-- Problem description --
Omit the pictures and output every entry below exactly as written.

-- Supplied data --
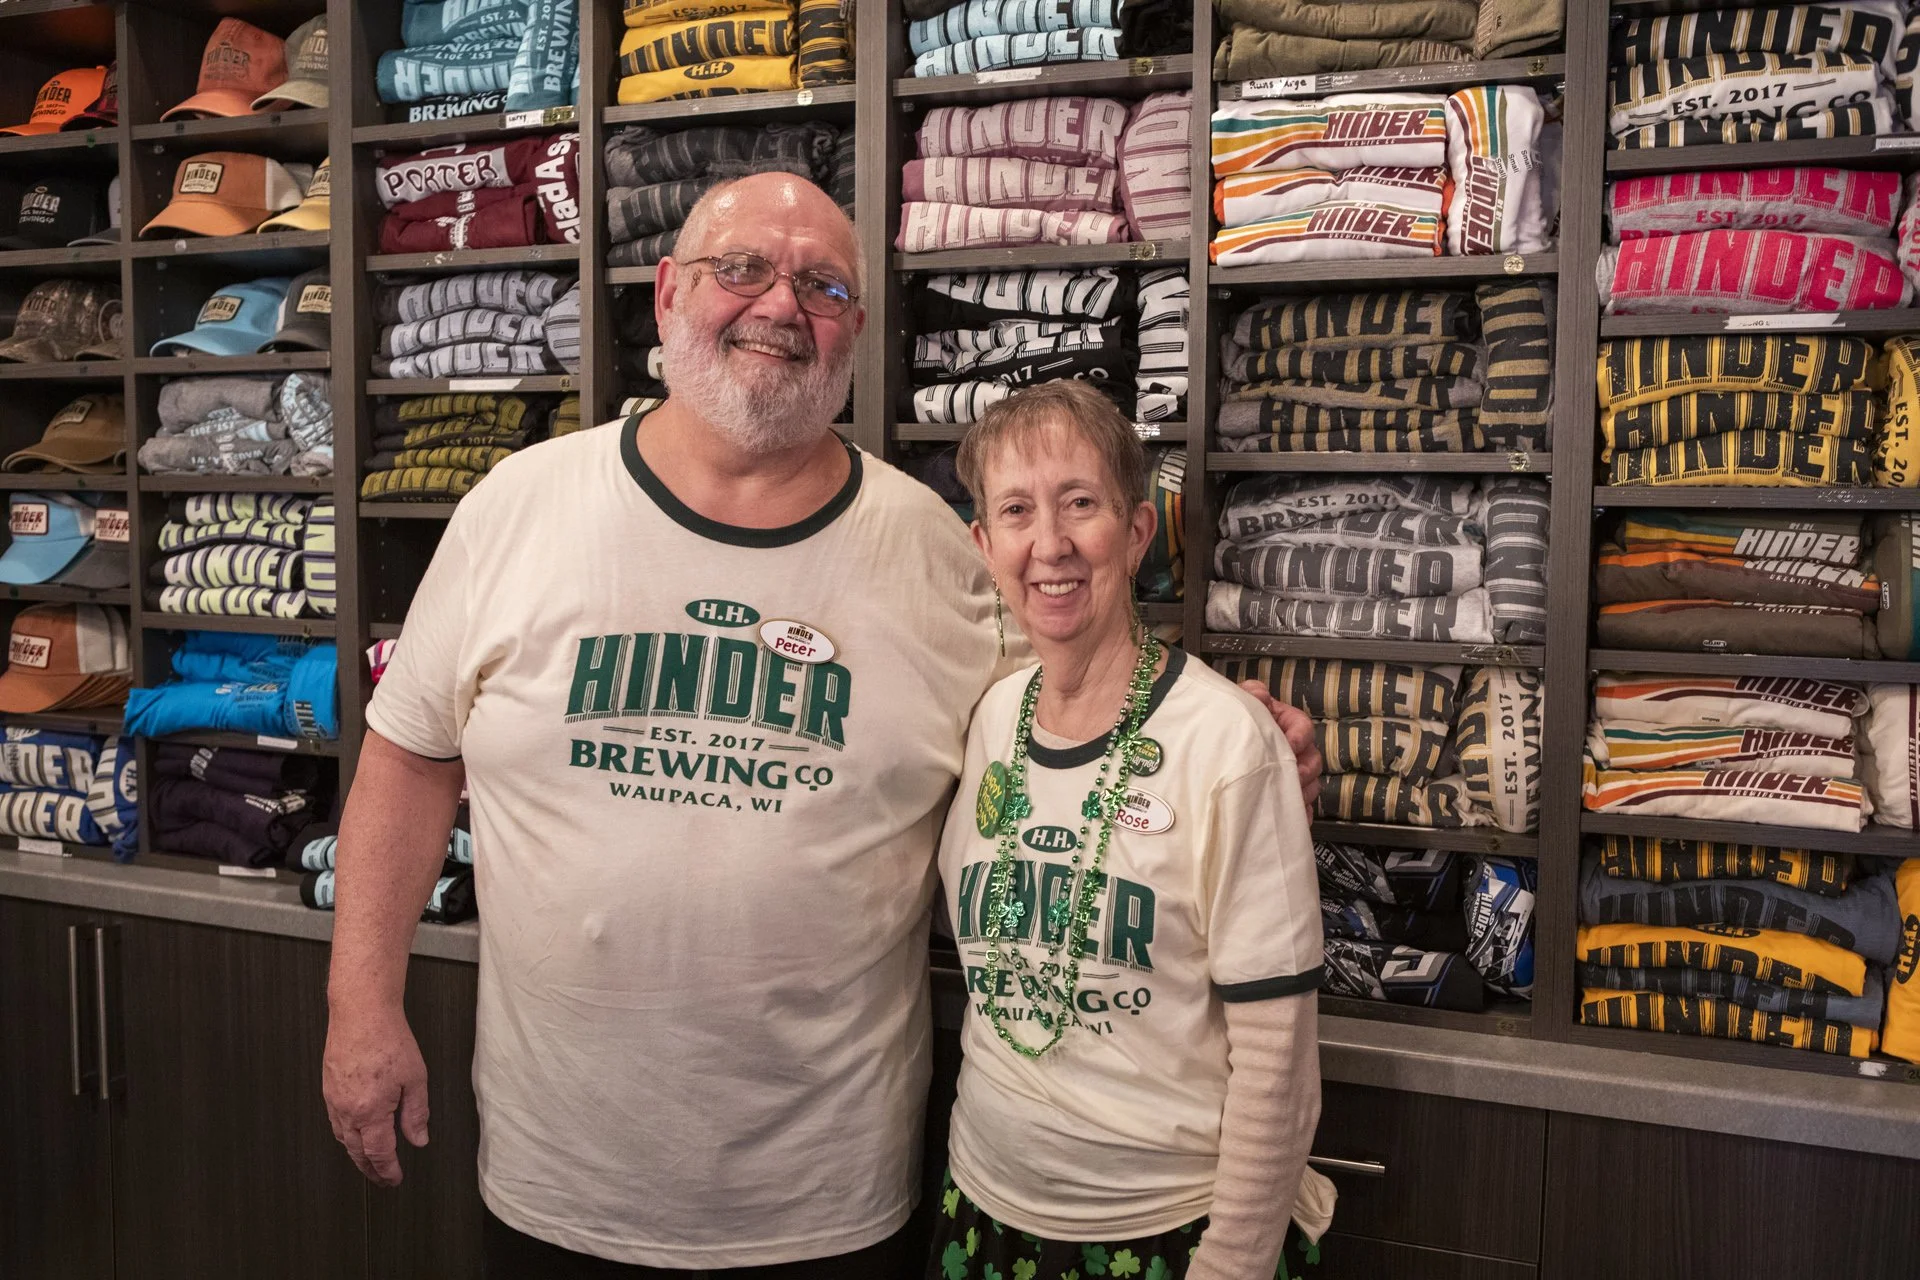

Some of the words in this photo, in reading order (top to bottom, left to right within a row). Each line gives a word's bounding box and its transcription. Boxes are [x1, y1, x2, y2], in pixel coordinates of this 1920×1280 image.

[480, 12, 503, 25] EST.
[541, 0, 552, 20] 20
[1608, 5, 1893, 67] HINDER
[914, 26, 1124, 78] HINDER
[394, 57, 515, 100] INDER
[690, 60, 729, 78] H.H.
[409, 95, 500, 123] BREWING
[1671, 95, 1719, 117] EST.
[1729, 83, 1788, 105] 2017
[919, 96, 1130, 166] HINDER
[1322, 109, 1431, 140] HINDER
[383, 152, 499, 197] PORTER
[1494, 157, 1507, 178] Small
[1507, 153, 1520, 174] Small
[1520, 149, 1533, 171] Small
[1612, 167, 1903, 229] HINDER
[1306, 207, 1419, 239] HINDER
[1695, 209, 1740, 224] EST.
[1752, 213, 1807, 226] 2017
[1610, 229, 1906, 312] HINDER
[1604, 335, 1870, 405] HINDER
[1893, 401, 1910, 448] EST.
[1297, 494, 1338, 508] EST.
[1344, 493, 1391, 506] 2017
[1733, 527, 1861, 565] HINDER
[1222, 549, 1453, 598] HINDER
[698, 601, 750, 624] H.H.
[775, 637, 816, 657] Peter
[787, 626, 815, 642] HINDER
[564, 632, 851, 752] HINDER
[1498, 692, 1516, 741] 2017
[651, 727, 697, 745] EST.
[708, 733, 765, 752] 2017
[1740, 728, 1856, 754] HINDER
[569, 738, 788, 790] BREWING
[1504, 751, 1519, 795] EST.
[609, 782, 742, 812] WAUPACA,
[751, 797, 783, 814] WI
[1702, 769, 1833, 796] HINDER
[1126, 795, 1151, 810] HINDER
[1115, 808, 1150, 830] Rose
[1031, 828, 1072, 850] H.H.
[1473, 893, 1493, 939] HINDER
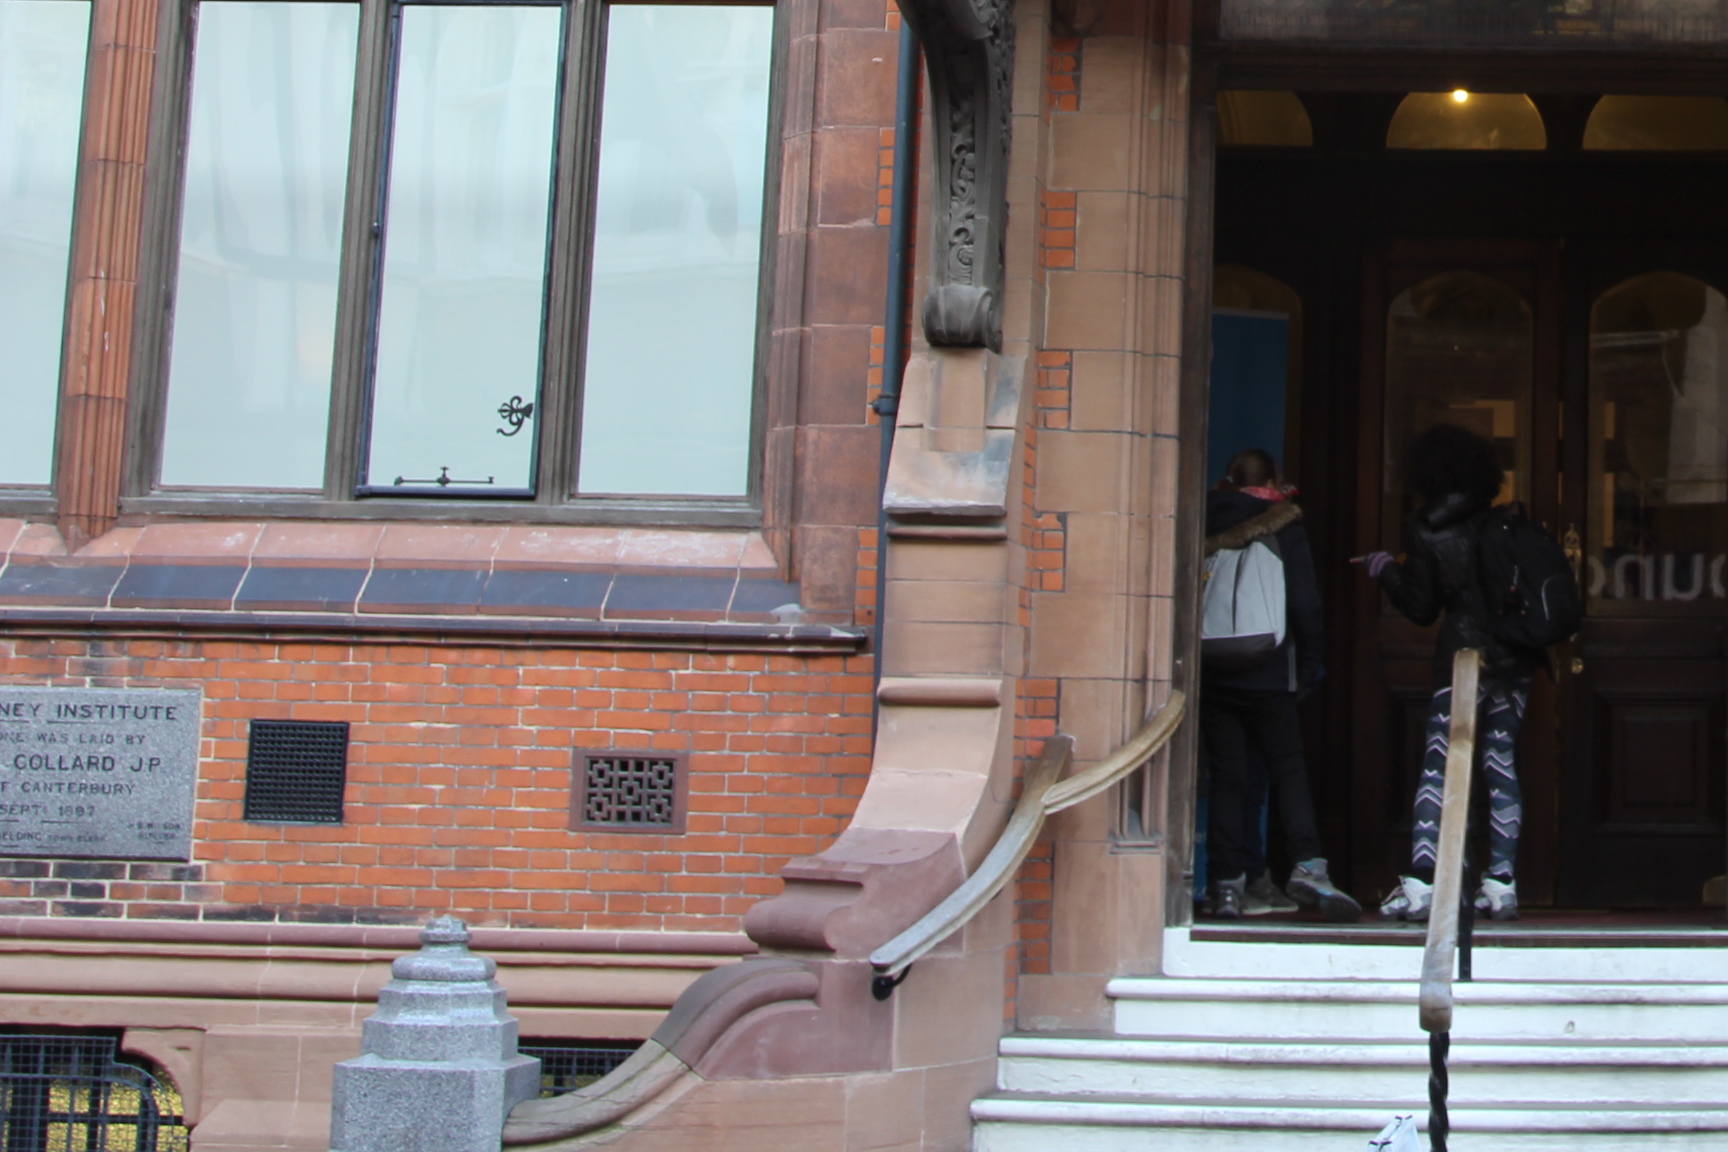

-- Reply to the task --
Some of the words in this photo, in reading order (top to bottom, left to right within a row). Each line gives a word's bounding box and its transcription. Boxes are [x1, y1, x2, y2], in pixel coordinates of this 1920×1280 image.

[480, 12, 503, 25] EST.
[541, 0, 552, 20] 20
[1608, 5, 1893, 67] HINDER
[914, 26, 1124, 78] HINDER
[394, 57, 515, 100] INDER
[690, 60, 729, 78] H.H.
[409, 95, 500, 123] BREWING
[1671, 95, 1719, 117] EST.
[1729, 83, 1788, 105] 2017
[919, 96, 1130, 166] HINDER
[1322, 109, 1431, 140] HINDER
[383, 152, 499, 197] PORTER
[1494, 157, 1507, 178] Small
[1507, 153, 1520, 174] Small
[1520, 149, 1533, 171] Small
[1612, 167, 1903, 229] HINDER
[1306, 207, 1419, 239] HINDER
[1695, 209, 1740, 224] EST.
[1752, 213, 1807, 226] 2017
[1610, 229, 1906, 312] HINDER
[1604, 335, 1870, 405] HINDER
[1893, 401, 1910, 448] EST.
[1297, 494, 1338, 508] EST.
[1344, 493, 1391, 506] 2017
[1733, 527, 1861, 565] HINDER
[1222, 549, 1453, 598] HINDER
[698, 601, 750, 624] H.H.
[775, 637, 816, 657] Peter
[787, 626, 815, 642] HINDER
[564, 632, 851, 752] HINDER
[1498, 692, 1516, 741] 2017
[651, 727, 697, 745] EST.
[708, 733, 765, 752] 2017
[1740, 728, 1856, 754] HINDER
[569, 738, 788, 790] BREWING
[1504, 751, 1519, 795] EST.
[609, 782, 742, 812] WAUPACA,
[751, 797, 783, 814] WI
[1702, 769, 1833, 796] HINDER
[1126, 795, 1151, 810] HINDER
[1115, 808, 1150, 830] Rose
[1031, 828, 1072, 850] H.H.
[1473, 893, 1493, 939] HINDER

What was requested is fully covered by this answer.